The records are to be copied from the line that contains "Some of the words" through their last line, word for word, with every picture left out.
......
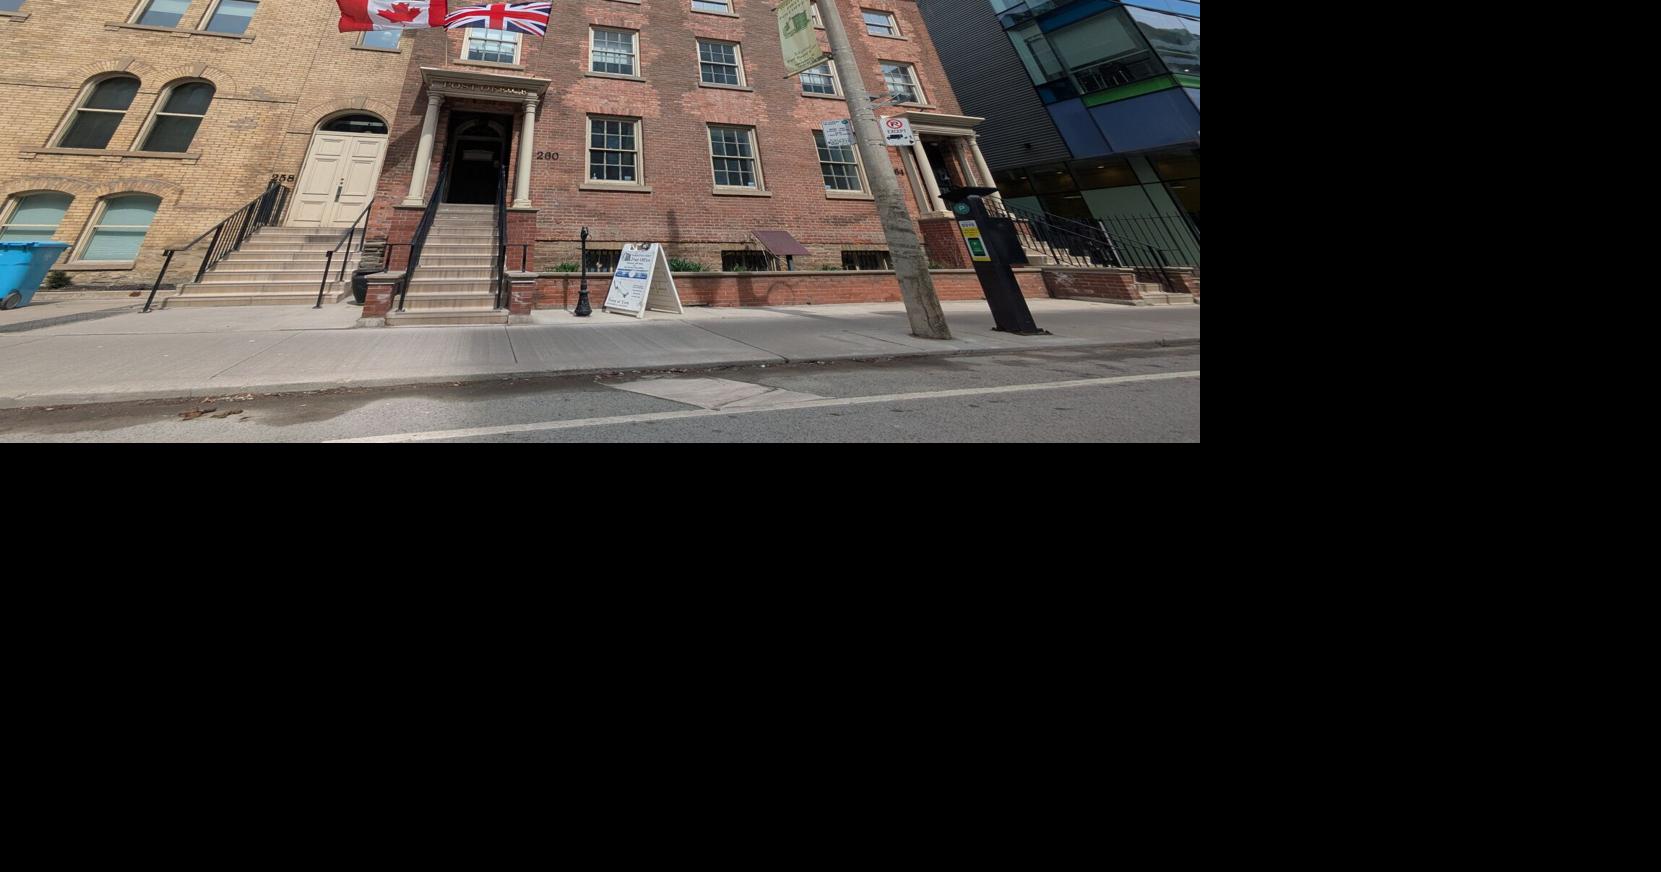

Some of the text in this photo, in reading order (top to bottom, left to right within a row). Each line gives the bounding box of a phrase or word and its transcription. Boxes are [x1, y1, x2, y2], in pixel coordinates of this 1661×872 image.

[536, 151, 560, 161] 260
[893, 166, 904, 176] 64
[270, 173, 295, 183] 258
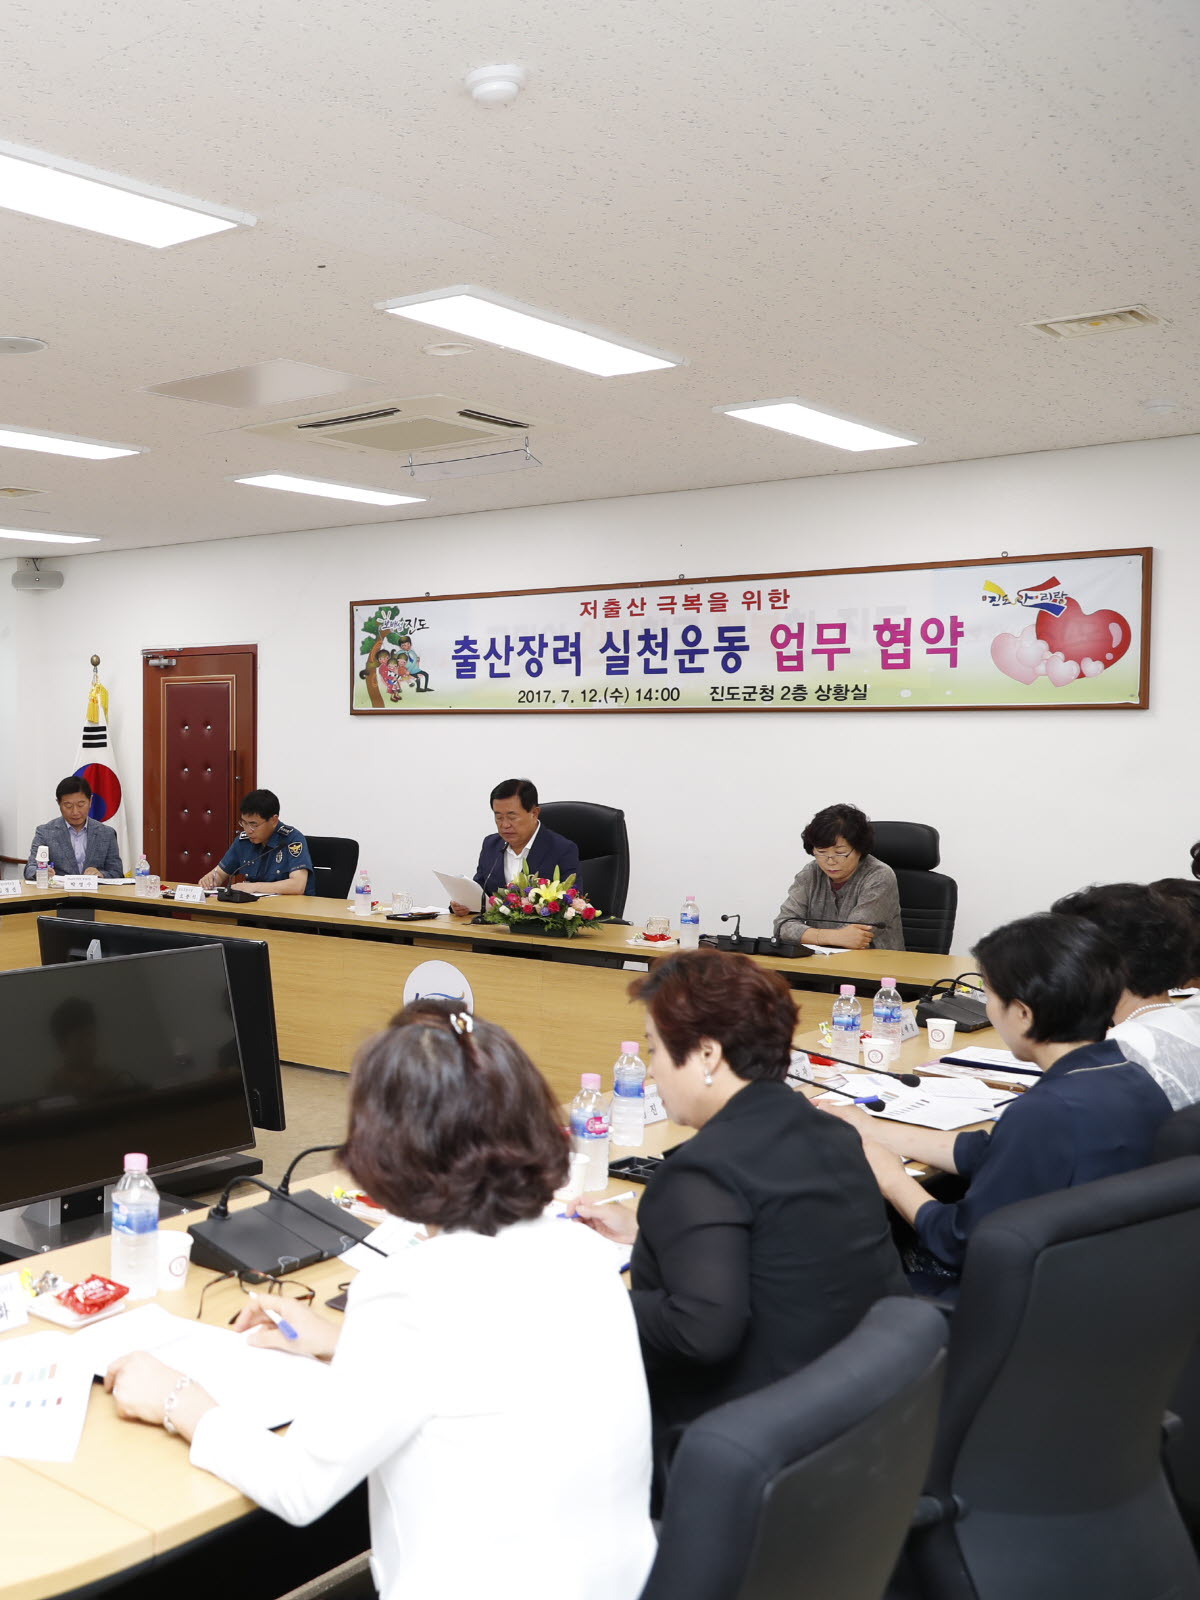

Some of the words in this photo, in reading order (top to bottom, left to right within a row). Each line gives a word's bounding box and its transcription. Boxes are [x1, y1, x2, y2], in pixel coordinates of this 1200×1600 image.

[580, 597, 647, 620] 저출산
[656, 591, 729, 615] 극복을
[741, 588, 791, 611] 위한
[451, 631, 582, 680] 출산장려
[599, 624, 750, 676] 실천운동
[769, 622, 851, 673] 업무
[872, 615, 965, 671] 협약
[518, 690, 556, 704] 2017.
[561, 689, 574, 704] 7.
[636, 687, 681, 702] 14:00
[709, 684, 775, 702] 진도군청
[781, 685, 809, 702] 2층
[814, 684, 868, 702] 상황실
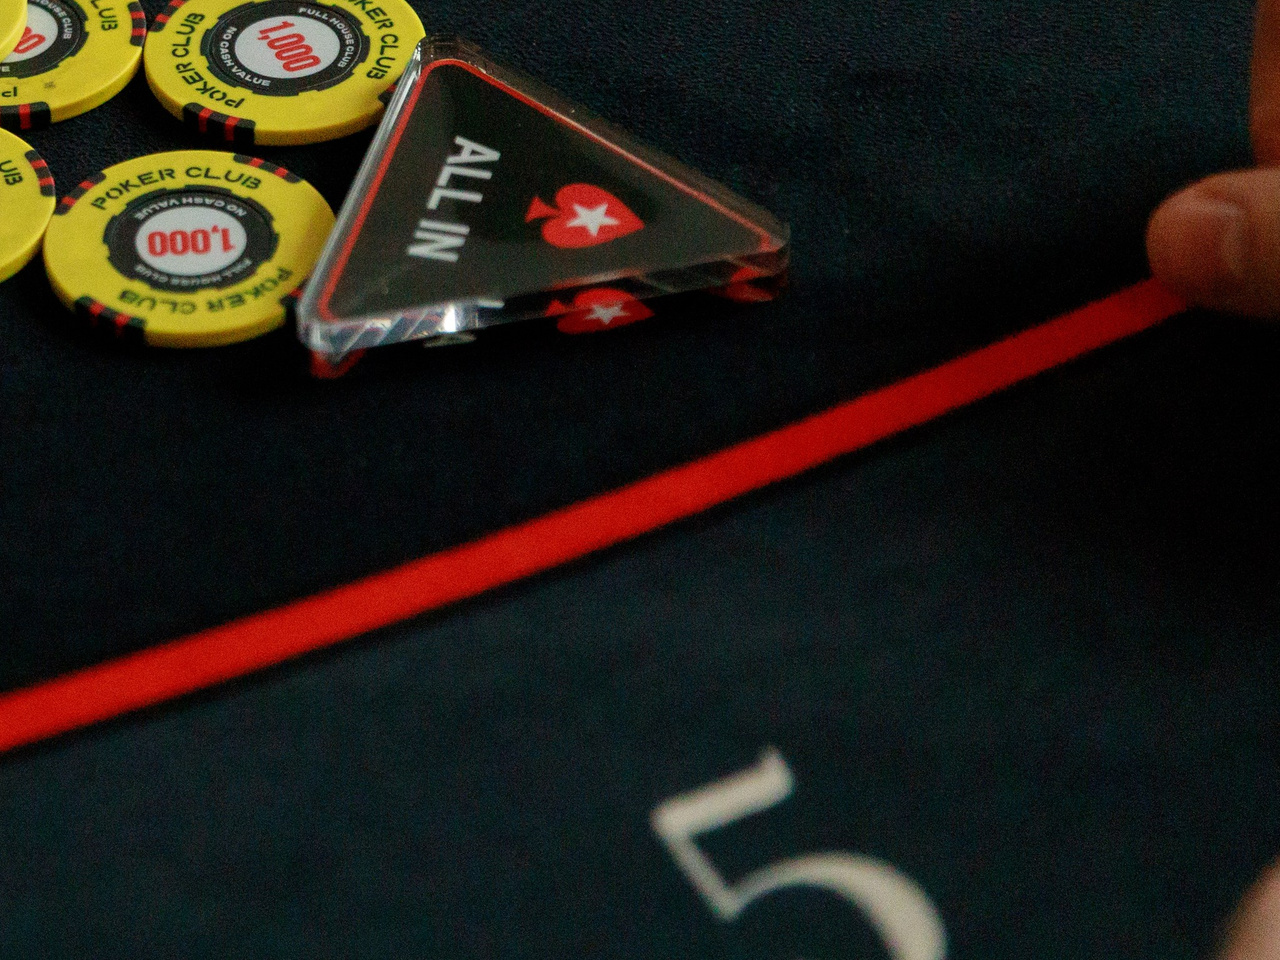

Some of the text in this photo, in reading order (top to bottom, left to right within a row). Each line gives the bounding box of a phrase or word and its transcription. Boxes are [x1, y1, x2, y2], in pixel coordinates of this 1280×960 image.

[62, 17, 73, 39] CLUB
[258, 21, 321, 72] 1,000
[298, 7, 354, 68] FULL HOUSE CLUB
[171, 12, 246, 109] POKER CLUB
[220, 26, 271, 87] NO CASH VALUE
[366, 32, 399, 80] CLUB
[90, 166, 263, 211] POKER CLUB
[134, 196, 248, 220] NO CASH VALUE
[406, 135, 501, 263] ALL IN
[147, 224, 236, 257] 1,000
[117, 266, 294, 315] POKER CLUB
[650, 745, 949, 960] 5
......
**Task output:**
Some of the words in this photo, in reading order (top to bottom, left to right within a row). Each line gives a word's bounding box and its transcription. Boxes are [x1, y1, x2, y2], in pixel coordinates of this 1200×1600 image.

[580, 597, 647, 620] 저출산
[656, 591, 729, 615] 극복을
[741, 588, 791, 611] 위한
[451, 631, 582, 680] 출산장려
[599, 624, 750, 676] 실천운동
[769, 622, 851, 673] 업무
[872, 615, 965, 671] 협약
[518, 690, 556, 704] 2017.
[561, 689, 574, 704] 7.
[636, 687, 681, 702] 14:00
[709, 684, 775, 702] 진도군청
[781, 685, 809, 702] 2층
[814, 684, 868, 702] 상황실

Some of the text in this photo, in reading order (top to bottom, left to right within a row). Each line gives the bounding box of a phrase or word and its transcription. Boxes are [x1, y1, x2, y2], in pixel coordinates of this 1280×960 image.

[62, 17, 73, 39] CLUB
[258, 21, 321, 72] 1,000
[298, 7, 354, 68] FULL HOUSE CLUB
[171, 12, 246, 109] POKER CLUB
[220, 26, 271, 87] NO CASH VALUE
[366, 32, 399, 80] CLUB
[90, 166, 263, 211] POKER CLUB
[134, 196, 248, 220] NO CASH VALUE
[406, 135, 501, 263] ALL IN
[147, 224, 236, 257] 1,000
[117, 266, 294, 315] POKER CLUB
[650, 745, 949, 960] 5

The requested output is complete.